While this filament type is often preferred over other brands, here are some Hatchbox competitors to consider:
- MakerBot PLA: MakerBot is a fantastic high-quality filament. It provides consistent extrusion and little to no jams. It prints smoothly, handles bridging very well, and is generally easy to work with. The main downside is the limited number of colors – around 30, over half of which are regular hues. Hatchbox offers more specialty options and is more affordable.
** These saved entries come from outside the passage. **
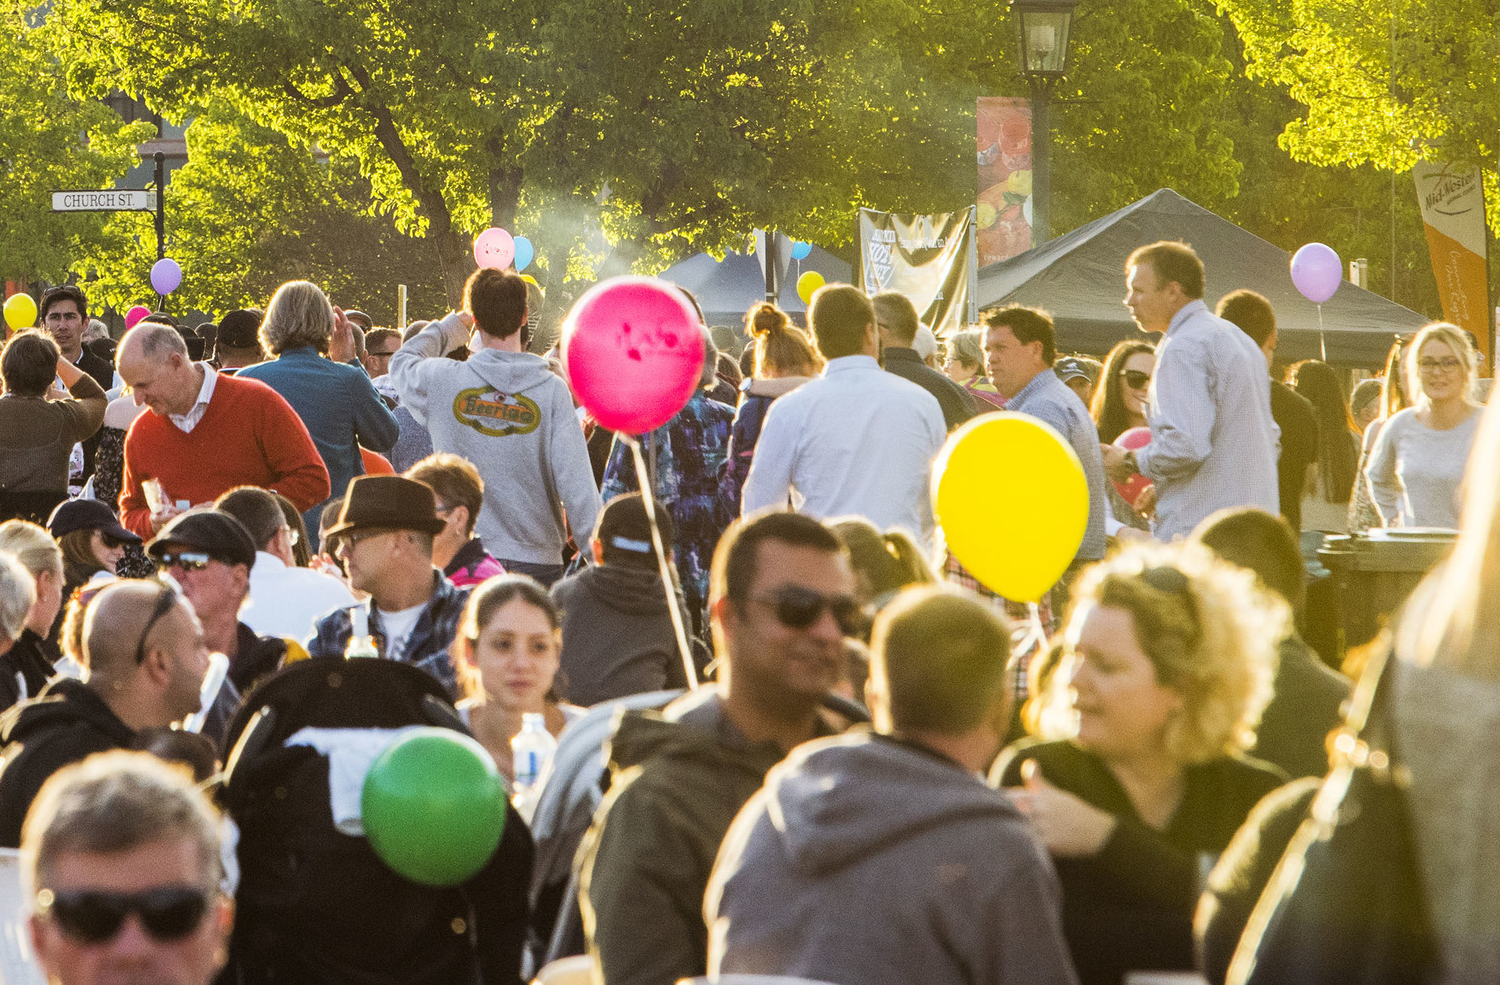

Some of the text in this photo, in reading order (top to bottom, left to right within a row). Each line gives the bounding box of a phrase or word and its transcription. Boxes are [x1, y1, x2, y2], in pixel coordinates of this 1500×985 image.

[64, 194, 115, 208] CHURCH
[118, 193, 136, 207] ST.
[466, 397, 534, 424] Beerlao
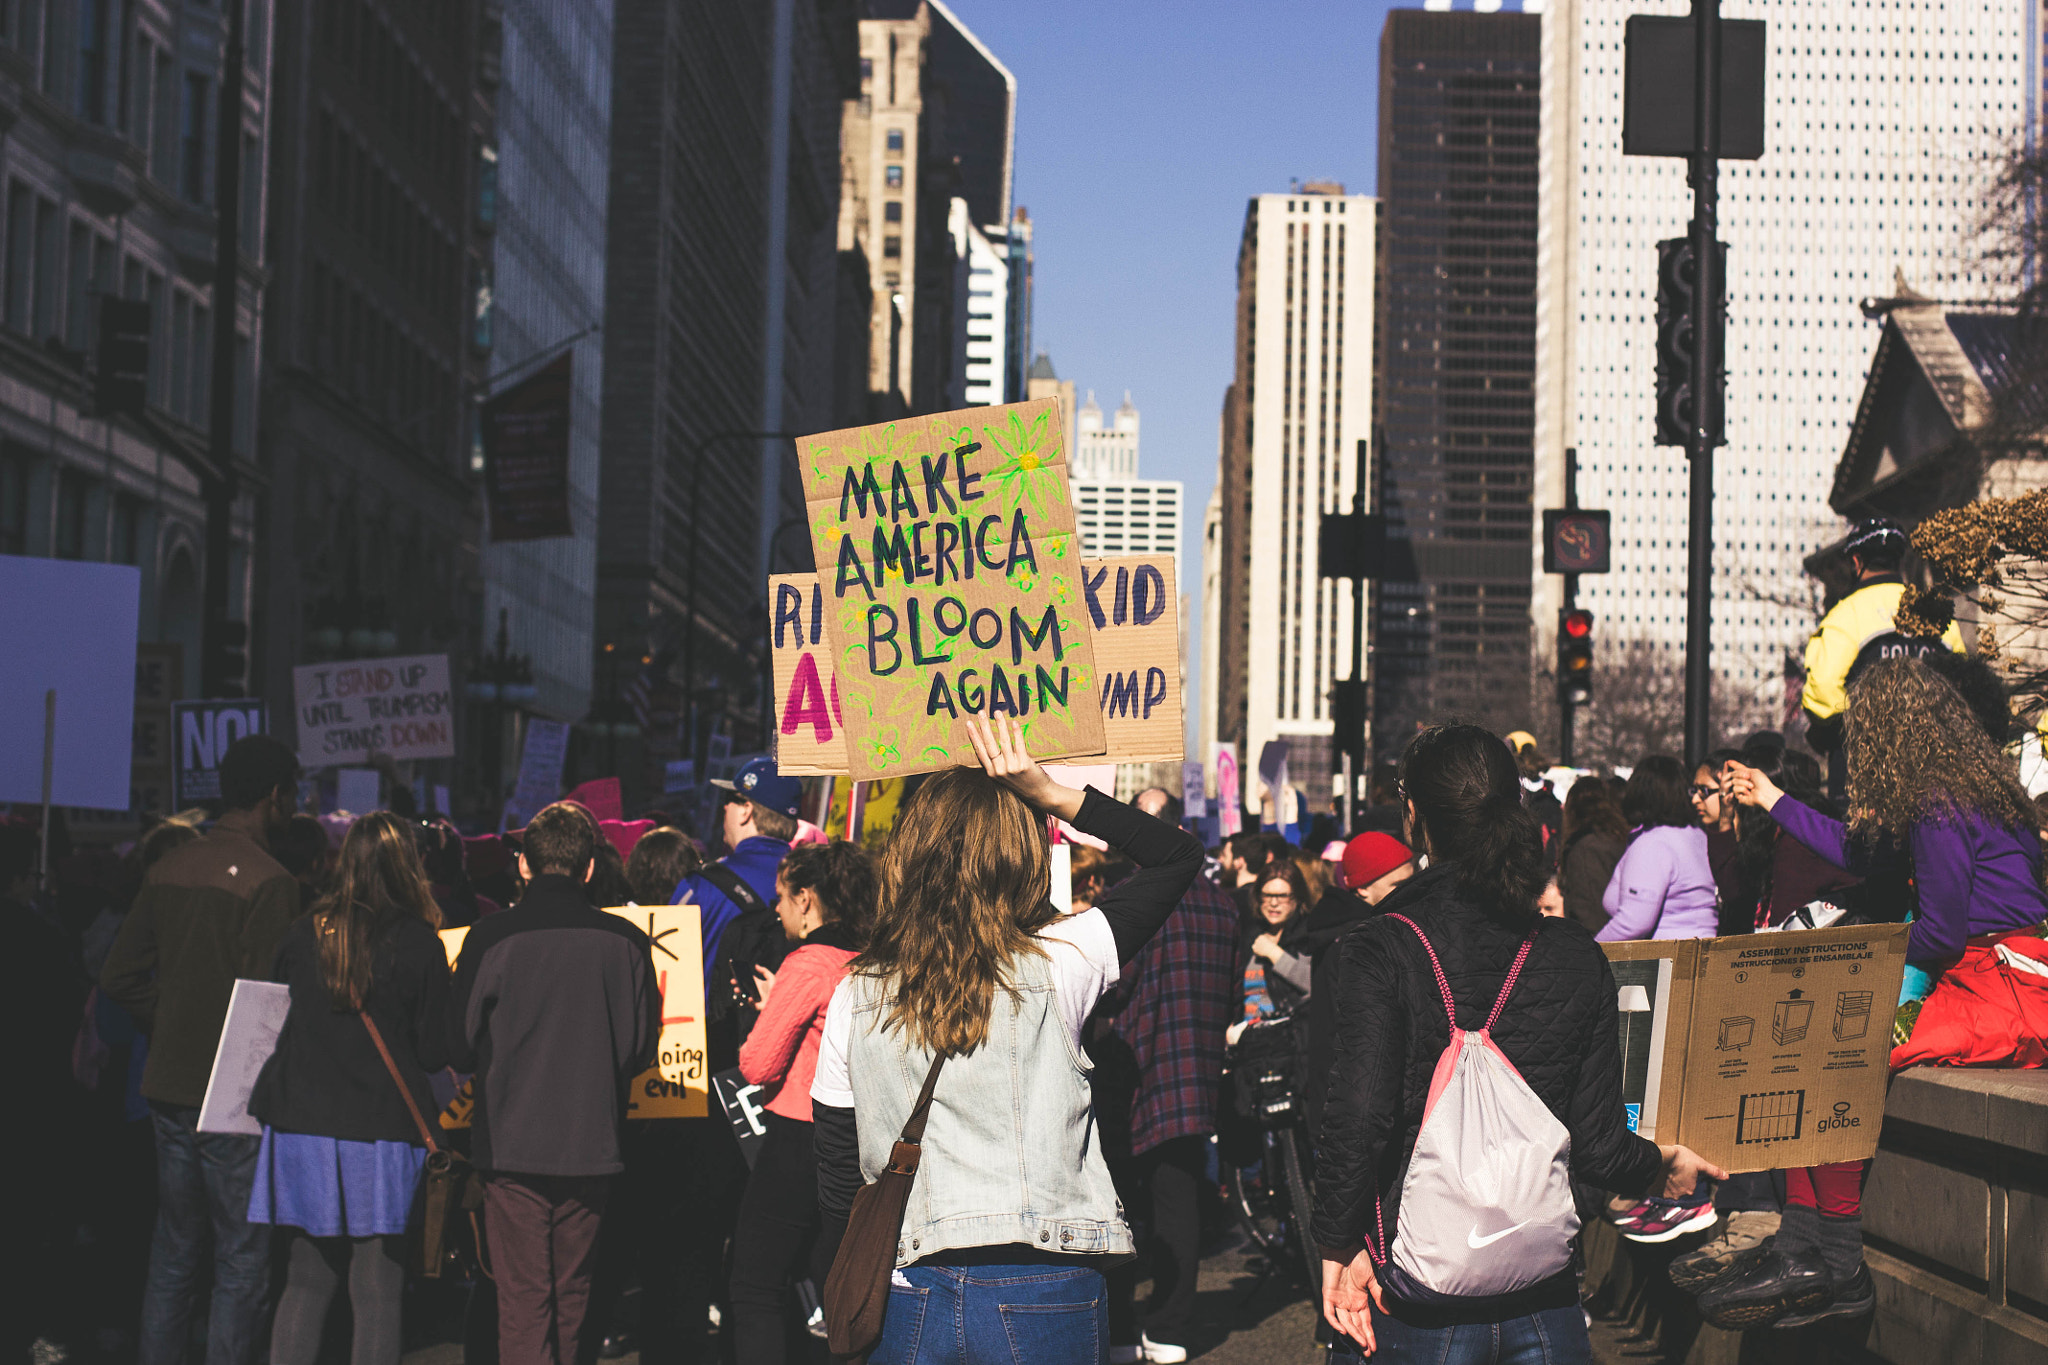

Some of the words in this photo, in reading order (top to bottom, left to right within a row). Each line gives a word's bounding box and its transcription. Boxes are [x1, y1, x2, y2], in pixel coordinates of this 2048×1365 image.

[840, 441, 985, 523] MAKE
[834, 508, 1039, 601] AMERICA
[867, 596, 1065, 677] BLOOM
[313, 670, 331, 700] I
[334, 667, 395, 698] STAND
[398, 663, 429, 689] UP
[926, 663, 1070, 720] AGAIN
[302, 701, 353, 728] UNTIL
[363, 690, 450, 720] TRUMPISM
[322, 723, 387, 754] STANDS
[390, 721, 447, 748] DOWN
[1730, 956, 1798, 969] INSTRUCCIONES
[1799, 956, 1811, 964] DE
[1813, 951, 1874, 963] ENSAMBLAJE
[1738, 946, 1792, 959] ASSEMBLY
[1793, 941, 1868, 955] INSTRUCTIONS
[644, 1071, 688, 1100] evil
[1817, 1115, 1860, 1133] globe
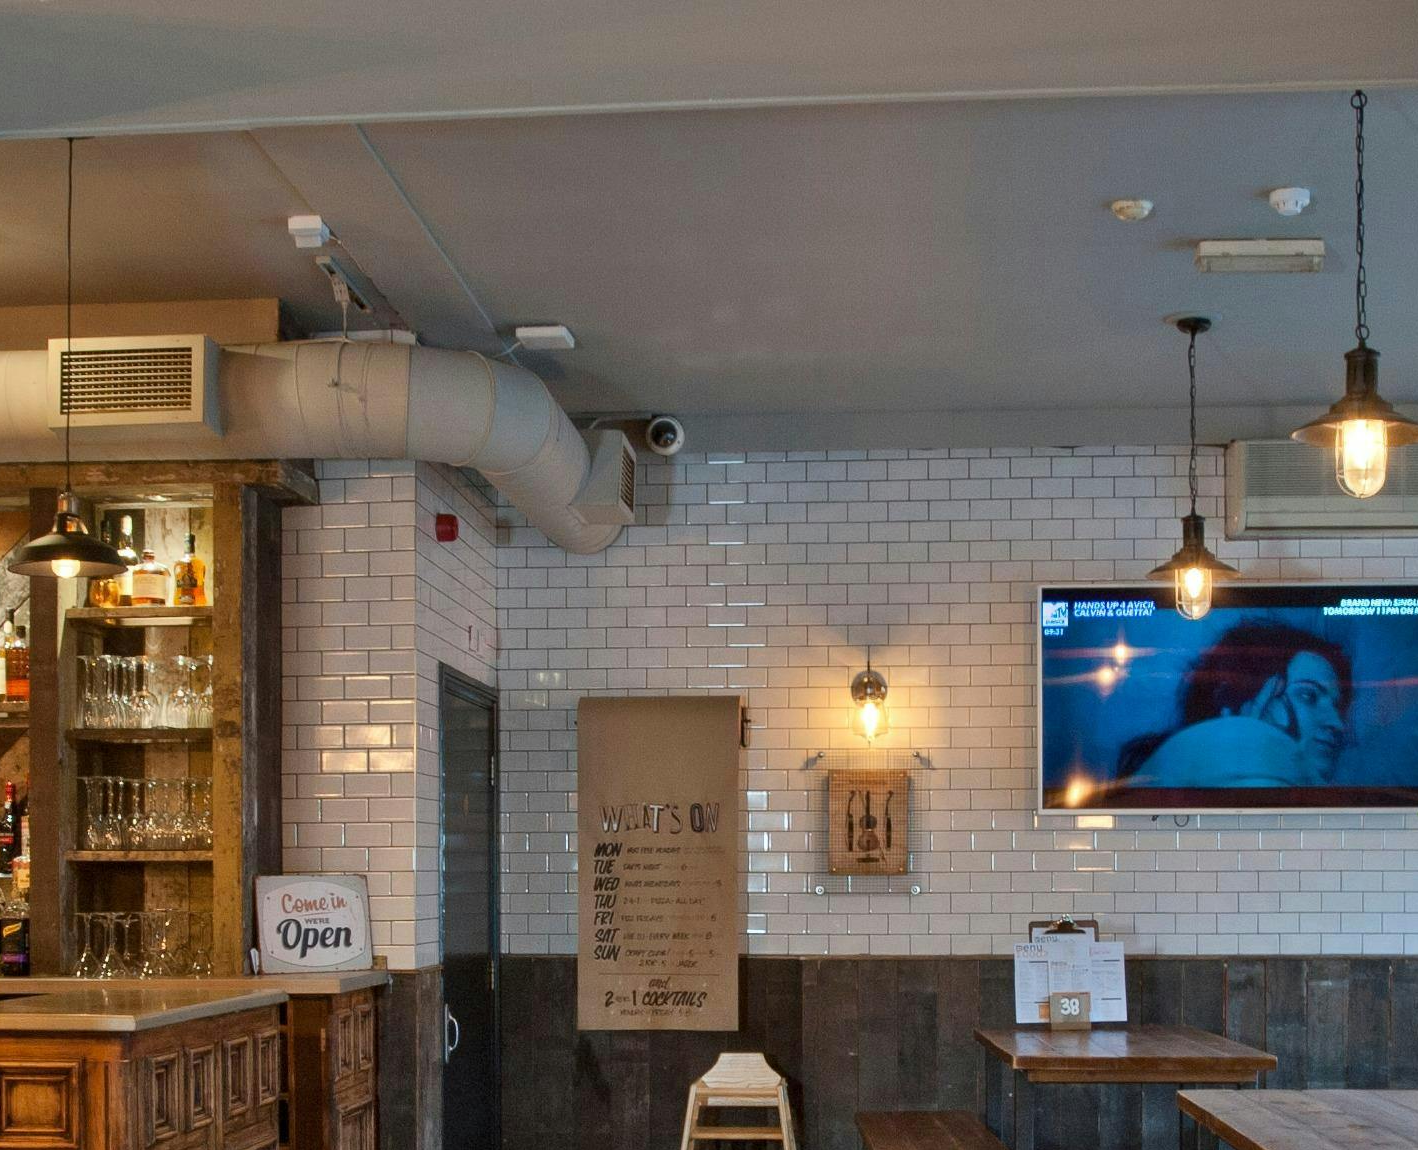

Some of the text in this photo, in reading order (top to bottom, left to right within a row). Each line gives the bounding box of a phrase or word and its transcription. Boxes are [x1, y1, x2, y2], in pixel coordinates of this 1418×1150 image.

[1073, 600, 1105, 609] HANDS
[1106, 600, 1119, 609] UP
[1340, 598, 1371, 607] BRAND
[1074, 608, 1106, 617] CALVIN
[1323, 607, 1376, 616] TOMORROW
[1400, 607, 1414, 615] ON
[600, 802, 720, 834] WHAT'S ON
[594, 842, 623, 858] MON
[593, 860, 616, 875] TUE
[594, 877, 620, 892] WED
[281, 892, 348, 914] Come in
[595, 895, 617, 910] THU
[594, 912, 615, 926] FRI
[276, 918, 353, 959] Open
[595, 928, 621, 943] SAT
[594, 945, 621, 962] SUN
[604, 990, 615, 1008] 2
[632, 990, 638, 1006] 1
[642, 991, 708, 1008] COCKTAILS
[1060, 998, 1080, 1016] 38
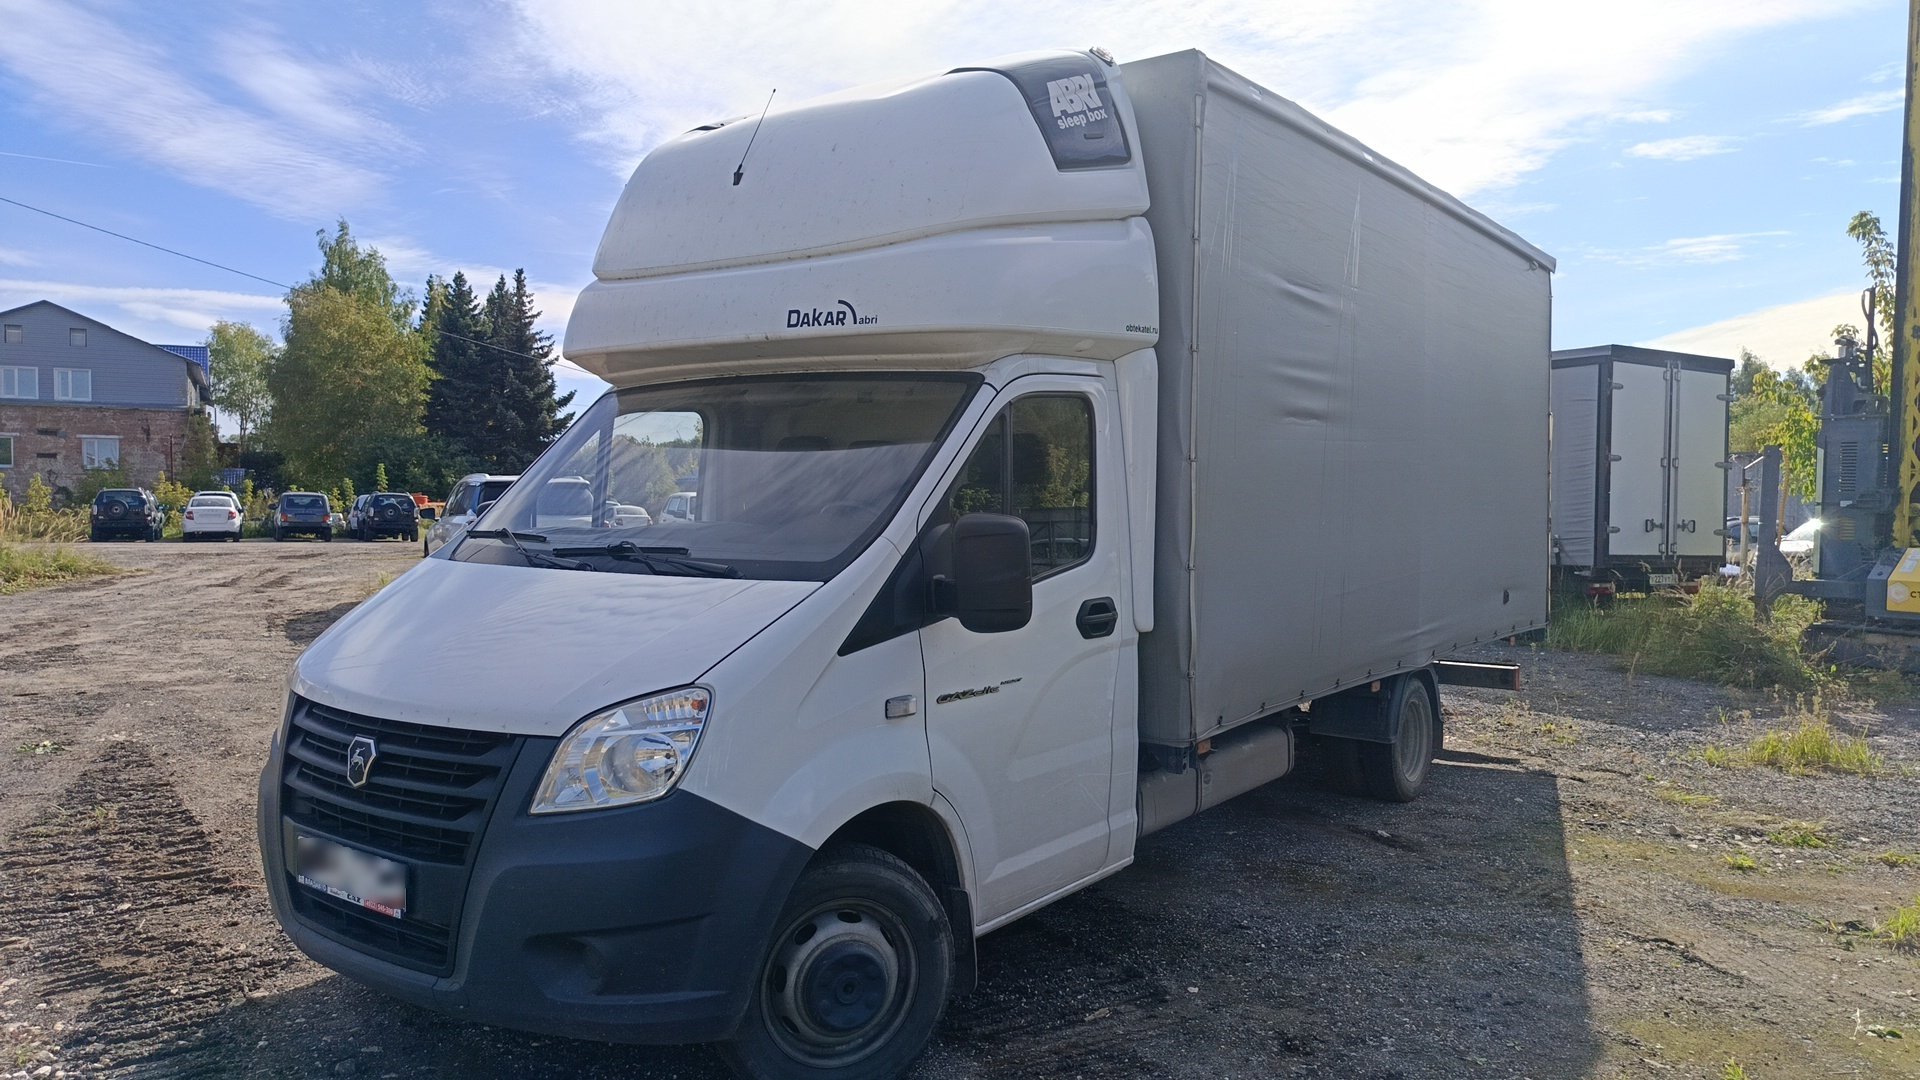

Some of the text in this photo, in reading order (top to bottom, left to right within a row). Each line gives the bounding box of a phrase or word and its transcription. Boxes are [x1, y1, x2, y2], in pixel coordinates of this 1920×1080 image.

[1046, 73, 1103, 118] ABRI
[1057, 108, 1108, 130] sleep box
[858, 314, 878, 325] abri
- ColorFABB PLA: One of the best PLA filaments out there, colorFABB is a PHA-enhanced, lightweight filament designed for premium 3D printing. It boasts a jaw-dropping tolerance of ±0.1 mm and comes in a variety of colors, including colors on demand made to user specification. You’ll have to pay for all these features, though; a spool costs about twice as much as Hatchbox, and you’ll get less product – 750 grams vs. 1,000 grams, respectively.
- Proto Pasta PLA: Launched after a successful Kickstarter campaign, Proto Pasta is an extremely interesting specialty filament available in finishes such as rustable metal and stainless steel. It works with 0.4 to 0.6 mm nozzles, but it is very abrasive. You’ll have to replace the nozzles more often compared to Hatchbox PLA.
- Eryone PLA: Eryone’s best feature is the number of colors this filament comes in. Aside from sought-after solid color options, it is also available in multicolor spools, enhancing versatility. The filament is made from organic materials, but getting the temperature setting right is more challenging than Hatchbox.
- Prusament PLA: An in-house production by popular 3D printer brand Prusa Research, this PLA filament stands out thanks to the glittery finish that enhances the visual appeal of the models. The brand also manufactures special filaments that change color based on temperature. However, it is only available in 1.75 mm options, whereas Hatchbox PLA also comes in 3.00 mm.
Printing with Hatchbox PLA may feel intimidating, but with some preparation and proper optimization of your printer’s temperature in Cura, you can get very high-quality results.
This mid-level filament offers a surprising value for money. It is easy to work with; it doesn’t jam and typically provides consistent extrusion. You can also choose from a variety of standard and specialty colors.
Whether you’re switching from ABS to PLA or want to start your 3D printing journey with PLA as a first filament, we hope these guidelines can help you set the ideal temperature and other printing parameters like a pro.